Abstract: Background Uterine scar after cesarean section (CS) is an important cause of intrauterine adhesion, amenorrhea, uterine rupture, and infertility in females. Disruptions of angiogenesis play a critical role in the healing of uterine scars. In this study, we investigated the effects of human umbilical cord mesenchymal stem cells (hUC-MSCs) on angiogenesis regeneration in uterine scars in rats following full-thickness excision of uterine walls. Methods Approximately 2.0 cm was excised along the uterine wall in each uterine horn to establish a rat model of uterine scars. Hematoxylin and eosin (H&E) staining was applied to observe the tissue structure. Masson trichrome staining was used to reveal collagen deposition. Angiogenesis factors (FGF-2, VEGFA, and PDGFB) were detected via western blotting.

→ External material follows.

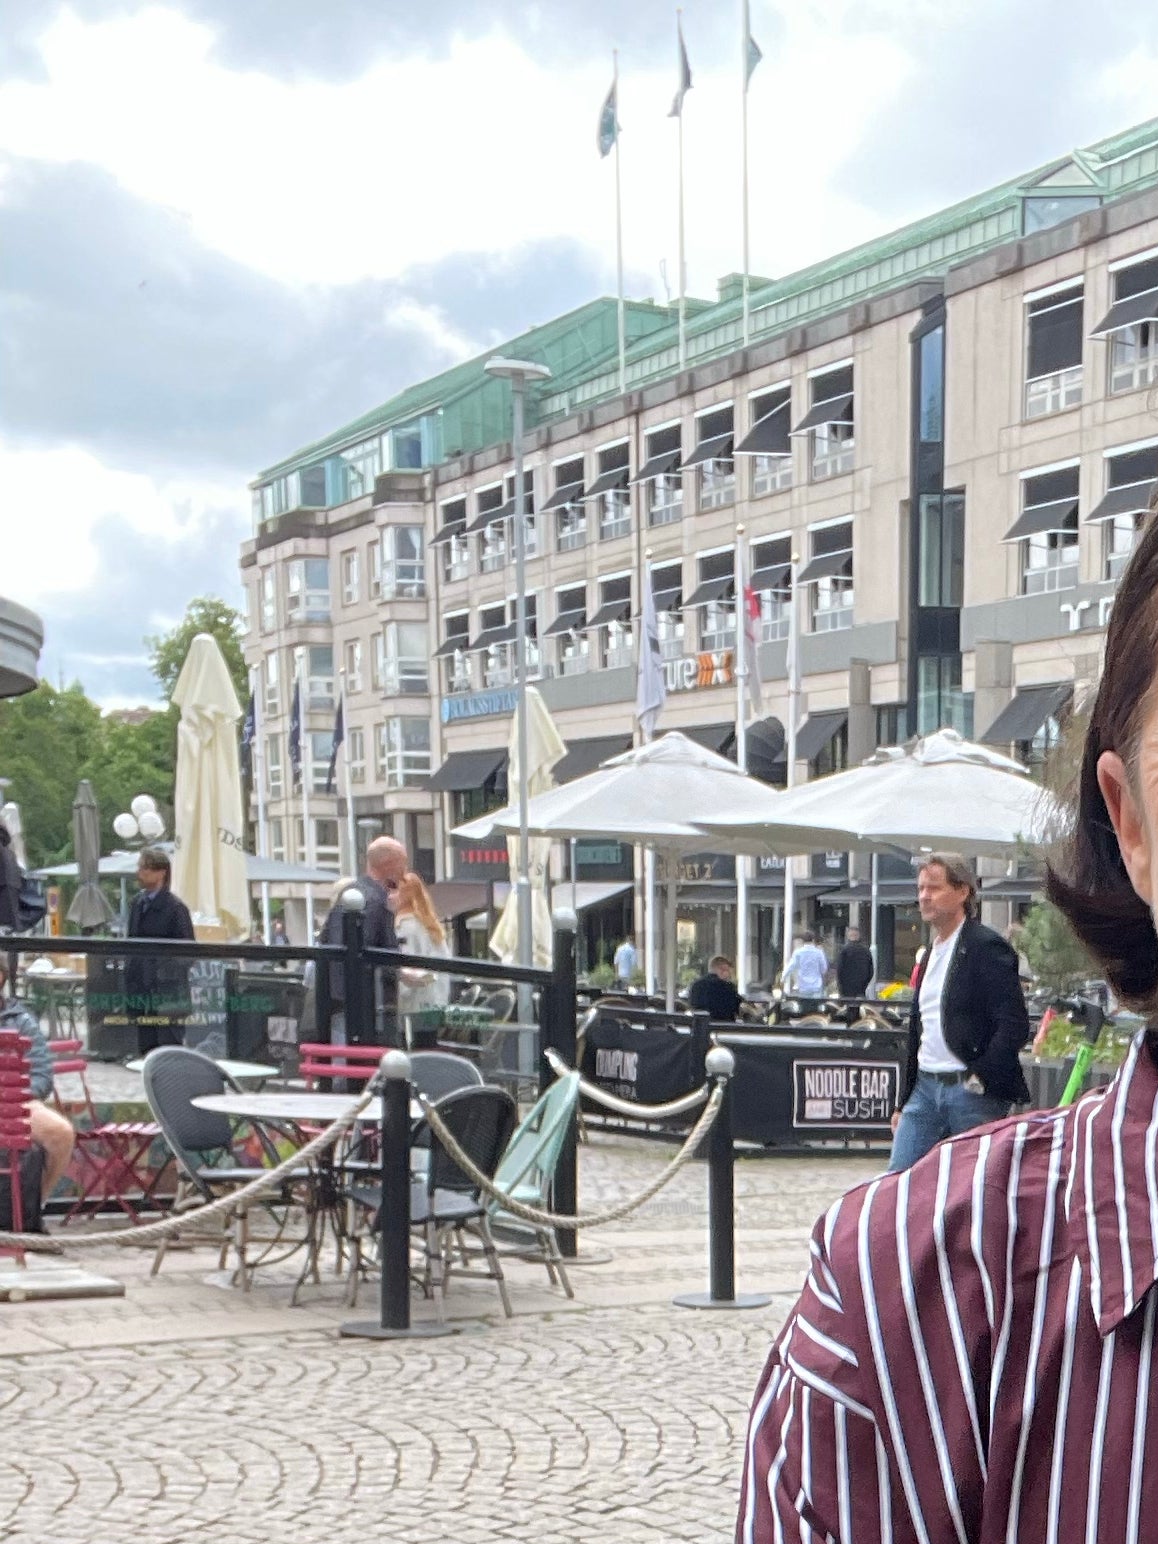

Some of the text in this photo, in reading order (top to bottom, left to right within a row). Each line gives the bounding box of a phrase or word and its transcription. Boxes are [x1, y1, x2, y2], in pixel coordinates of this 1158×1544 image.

[804, 1068, 889, 1100] NOODLE BAR
[832, 1100, 890, 1119] SUSHI

The fate of transplanted hUC-MSCs was assessed using in vivo fluorescence imaging. The differential expression of microRNA and function prediction was detected using high-throughput sequencing. Results hUC-MSCs significantly improved the morphology of the tissue structure and alleviated fibrosis in general on days 15, 30, and 60 of transplantation in the hUC-MSC groups. Moreover, the expressions of all three angiogenesis factors were increased at days 15 and 30 post-transplantation. In GFP analyses, although hUC-MSCs were observed on the uterine wall at days 15 and 30, those signals gradually weakened and then accumulated in other organs at day 60. In addition, abundant hUC-MSC-specific microRNAs targeted the cell pathways of angiogenesis and the PI3K/AKT signaling pathway. Conclusion hUC-MSC transplantation contributed to the repair of uterine scars, mainly through the suppression of excessive fibrosis and the enhancement of vascular remodeling.